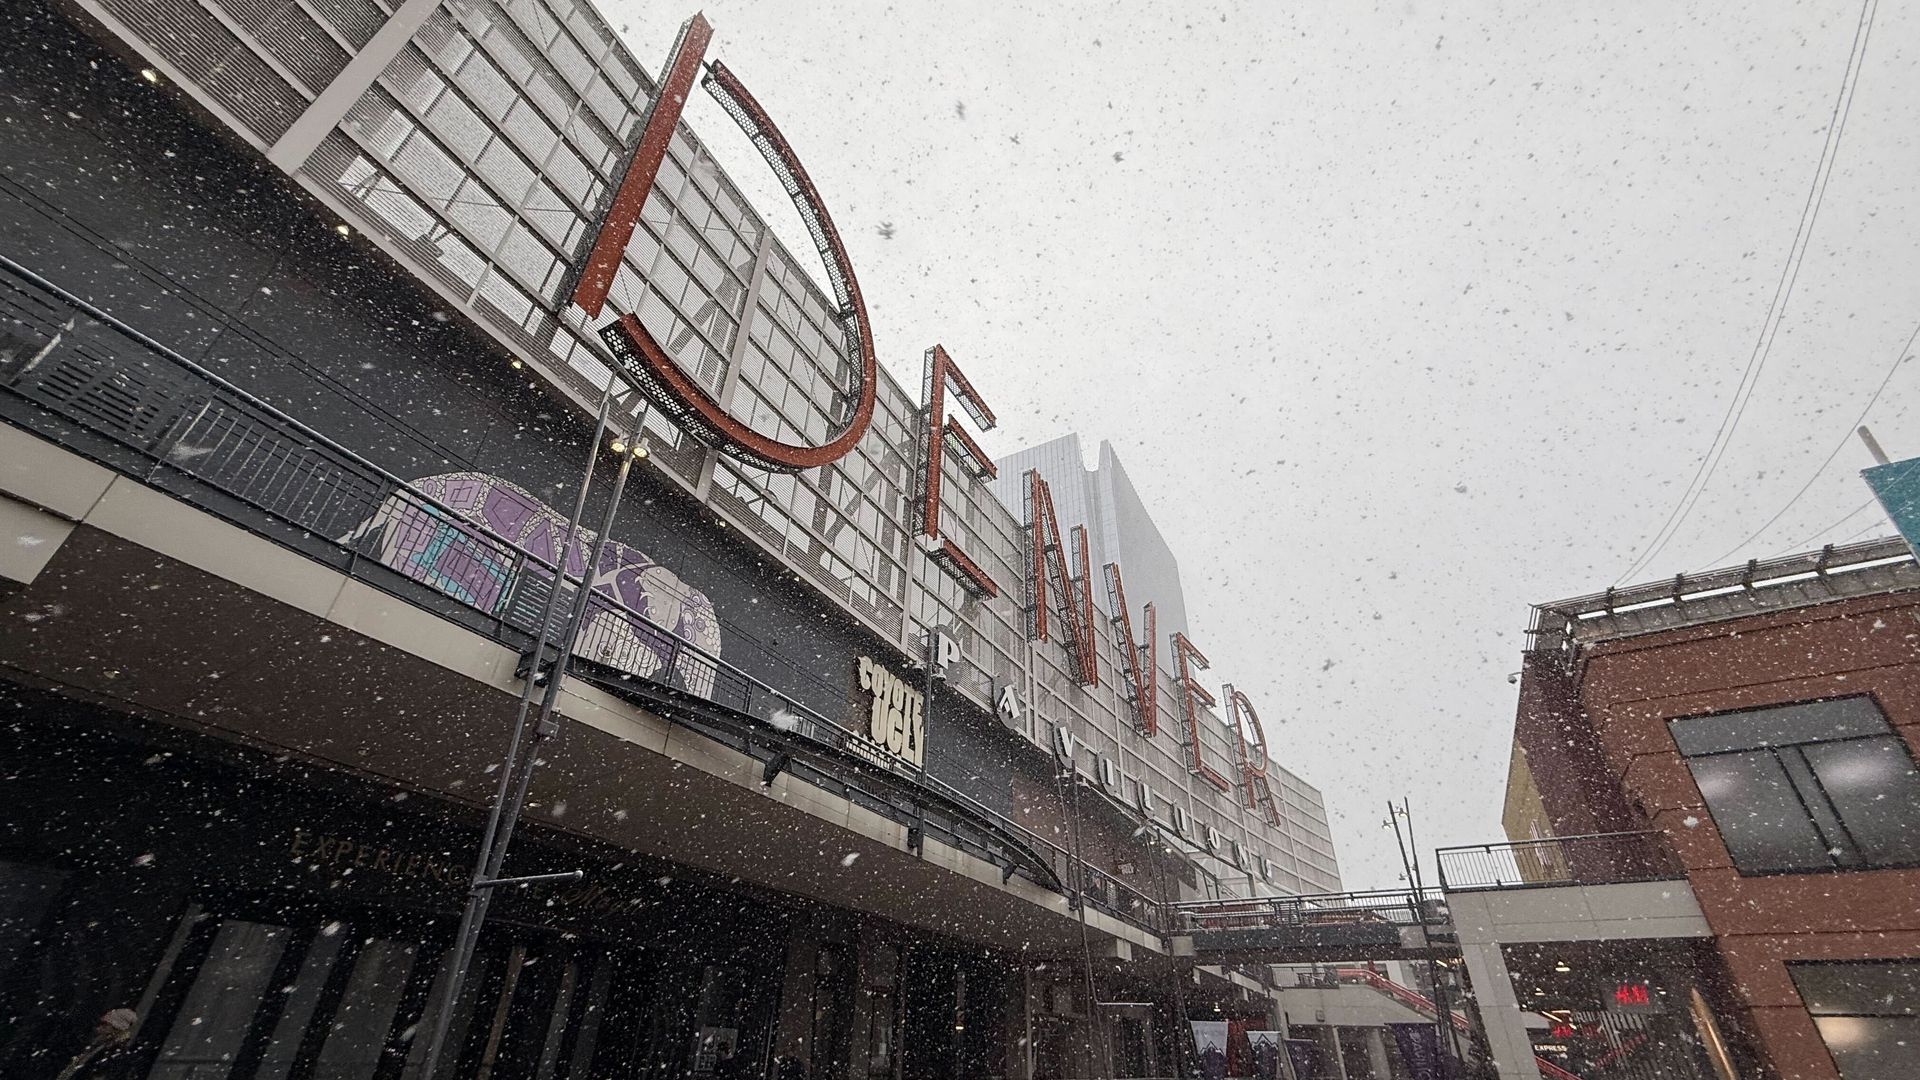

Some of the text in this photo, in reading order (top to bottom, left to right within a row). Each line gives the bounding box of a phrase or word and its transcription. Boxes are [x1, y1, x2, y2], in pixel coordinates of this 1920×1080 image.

[562, 10, 1281, 828] DENVER
[857, 655, 925, 716] COYOTE
[871, 695, 925, 768] UGLY
[288, 830, 475, 888] EXPERIENC
[1533, 1043, 1569, 1053] EXPRESS

━━━━━━━━━━

• [TASK DESCRIPTION]
Return the entries verbatim without images.

• [ANSWER BOX]
Some of the text in this photo, in reading order (top to bottom, left to right within a row). Each line gives the bounding box of a phrase or word and its transcription. Boxes are [x1, y1, x2, y2], in pixel coordinates of this 1920×1080 image.

[562, 10, 1281, 828] DENVER
[857, 655, 925, 716] COYOTE
[871, 695, 925, 768] UGLY
[288, 830, 475, 888] EXPERIENC
[1533, 1043, 1569, 1053] EXPRESS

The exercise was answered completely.